- Problem to solve
Below are some records. Print all of them exactly as they appear.

BEGIN Entries supplied

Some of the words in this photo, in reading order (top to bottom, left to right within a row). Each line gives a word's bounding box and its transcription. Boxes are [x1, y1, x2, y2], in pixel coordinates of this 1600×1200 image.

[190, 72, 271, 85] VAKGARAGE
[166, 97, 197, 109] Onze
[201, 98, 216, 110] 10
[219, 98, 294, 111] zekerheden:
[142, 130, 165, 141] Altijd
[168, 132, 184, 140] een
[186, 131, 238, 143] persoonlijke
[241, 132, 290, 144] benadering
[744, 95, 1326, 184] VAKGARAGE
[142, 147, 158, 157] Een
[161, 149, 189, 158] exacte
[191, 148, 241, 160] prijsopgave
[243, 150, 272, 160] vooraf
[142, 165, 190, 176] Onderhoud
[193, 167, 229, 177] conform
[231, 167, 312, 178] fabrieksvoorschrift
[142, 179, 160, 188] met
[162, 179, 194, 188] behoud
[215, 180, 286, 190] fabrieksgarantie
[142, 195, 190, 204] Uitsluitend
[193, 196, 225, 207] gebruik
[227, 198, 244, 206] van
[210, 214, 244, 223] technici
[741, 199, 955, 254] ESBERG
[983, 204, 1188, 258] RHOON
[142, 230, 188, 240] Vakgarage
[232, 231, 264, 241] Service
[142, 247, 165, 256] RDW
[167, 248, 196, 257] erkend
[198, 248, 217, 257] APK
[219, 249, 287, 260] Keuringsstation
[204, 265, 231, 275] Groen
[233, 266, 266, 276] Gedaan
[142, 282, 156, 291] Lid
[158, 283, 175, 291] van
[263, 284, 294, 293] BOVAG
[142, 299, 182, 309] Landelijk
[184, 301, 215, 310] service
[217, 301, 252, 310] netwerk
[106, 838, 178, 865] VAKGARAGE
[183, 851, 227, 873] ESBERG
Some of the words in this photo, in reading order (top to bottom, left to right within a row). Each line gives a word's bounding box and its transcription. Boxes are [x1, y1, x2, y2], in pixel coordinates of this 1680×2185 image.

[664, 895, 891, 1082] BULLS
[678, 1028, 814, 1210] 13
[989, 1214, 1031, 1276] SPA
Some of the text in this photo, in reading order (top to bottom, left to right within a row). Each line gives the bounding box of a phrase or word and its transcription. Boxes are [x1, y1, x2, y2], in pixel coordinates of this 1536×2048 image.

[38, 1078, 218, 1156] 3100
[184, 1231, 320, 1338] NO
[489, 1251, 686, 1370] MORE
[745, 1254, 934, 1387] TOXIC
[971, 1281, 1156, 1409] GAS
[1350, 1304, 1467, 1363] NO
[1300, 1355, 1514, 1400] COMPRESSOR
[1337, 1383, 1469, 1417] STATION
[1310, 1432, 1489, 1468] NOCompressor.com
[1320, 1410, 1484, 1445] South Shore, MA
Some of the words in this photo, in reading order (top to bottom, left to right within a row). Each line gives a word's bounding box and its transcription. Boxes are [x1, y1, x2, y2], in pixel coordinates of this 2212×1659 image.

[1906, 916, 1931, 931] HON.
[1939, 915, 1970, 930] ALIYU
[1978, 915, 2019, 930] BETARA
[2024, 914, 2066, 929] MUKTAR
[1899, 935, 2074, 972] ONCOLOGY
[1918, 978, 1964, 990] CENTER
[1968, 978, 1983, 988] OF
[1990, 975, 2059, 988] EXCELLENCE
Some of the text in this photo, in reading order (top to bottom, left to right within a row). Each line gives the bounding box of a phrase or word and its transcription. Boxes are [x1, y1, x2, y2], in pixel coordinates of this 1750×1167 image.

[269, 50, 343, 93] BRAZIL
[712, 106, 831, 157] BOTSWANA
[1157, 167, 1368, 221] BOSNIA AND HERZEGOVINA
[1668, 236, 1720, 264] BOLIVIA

END Entries supplied

- Your response
Some of the words in this photo, in reading order (top to bottom, left to right within a row). Each line gives a word's bounding box and its transcription. Boxes are [x1, y1, x2, y2], in pixel coordinates of this 1600×1200 image.

[190, 72, 271, 85] VAKGARAGE
[166, 97, 197, 109] Onze
[201, 98, 216, 110] 10
[219, 98, 294, 111] zekerheden:
[142, 130, 165, 141] Altijd
[168, 132, 184, 140] een
[186, 131, 238, 143] persoonlijke
[241, 132, 290, 144] benadering
[744, 95, 1326, 184] VAKGARAGE
[142, 147, 158, 157] Een
[161, 149, 189, 158] exacte
[191, 148, 241, 160] prijsopgave
[243, 150, 272, 160] vooraf
[142, 165, 190, 176] Onderhoud
[193, 167, 229, 177] conform
[231, 167, 312, 178] fabrieksvoorschrift
[142, 179, 160, 188] met
[162, 179, 194, 188] behoud
[215, 180, 286, 190] fabrieksgarantie
[142, 195, 190, 204] Uitsluitend
[193, 196, 225, 207] gebruik
[227, 198, 244, 206] van
[210, 214, 244, 223] technici
[741, 199, 955, 254] ESBERG
[983, 204, 1188, 258] RHOON
[142, 230, 188, 240] Vakgarage
[232, 231, 264, 241] Service
[142, 247, 165, 256] RDW
[167, 248, 196, 257] erkend
[198, 248, 217, 257] APK
[219, 249, 287, 260] Keuringsstation
[204, 265, 231, 275] Groen
[233, 266, 266, 276] Gedaan
[142, 282, 156, 291] Lid
[158, 283, 175, 291] van
[263, 284, 294, 293] BOVAG
[142, 299, 182, 309] Landelijk
[184, 301, 215, 310] service
[217, 301, 252, 310] netwerk
[106, 838, 178, 865] VAKGARAGE
[183, 851, 227, 873] ESBERG
Some of the words in this photo, in reading order (top to bottom, left to right within a row). Each line gives a word's bounding box and its transcription. Boxes are [x1, y1, x2, y2], in pixel coordinates of this 1680×2185 image.

[664, 895, 891, 1082] BULLS
[678, 1028, 814, 1210] 13
[989, 1214, 1031, 1276] SPA
Some of the text in this photo, in reading order (top to bottom, left to right within a row). Each line gives the bounding box of a phrase or word and its transcription. Boxes are [x1, y1, x2, y2], in pixel coordinates of this 1536×2048 image.

[38, 1078, 218, 1156] 3100
[184, 1231, 320, 1338] NO
[489, 1251, 686, 1370] MORE
[745, 1254, 934, 1387] TOXIC
[971, 1281, 1156, 1409] GAS
[1350, 1304, 1467, 1363] NO
[1300, 1355, 1514, 1400] COMPRESSOR
[1337, 1383, 1469, 1417] STATION
[1310, 1432, 1489, 1468] NOCompressor.com
[1320, 1410, 1484, 1445] South Shore, MA
Some of the words in this photo, in reading order (top to bottom, left to right within a row). Each line gives a word's bounding box and its transcription. Boxes are [x1, y1, x2, y2], in pixel coordinates of this 2212×1659 image.

[1906, 916, 1931, 931] HON.
[1939, 915, 1970, 930] ALIYU
[1978, 915, 2019, 930] BETARA
[2024, 914, 2066, 929] MUKTAR
[1899, 935, 2074, 972] ONCOLOGY
[1918, 978, 1964, 990] CENTER
[1968, 978, 1983, 988] OF
[1990, 975, 2059, 988] EXCELLENCE
Some of the text in this photo, in reading order (top to bottom, left to right within a row). Each line gives the bounding box of a phrase or word and its transcription. Boxes are [x1, y1, x2, y2], in pixel coordinates of this 1750×1167 image.

[269, 50, 343, 93] BRAZIL
[712, 106, 831, 157] BOTSWANA
[1157, 167, 1368, 221] BOSNIA AND HERZEGOVINA
[1668, 236, 1720, 264] BOLIVIA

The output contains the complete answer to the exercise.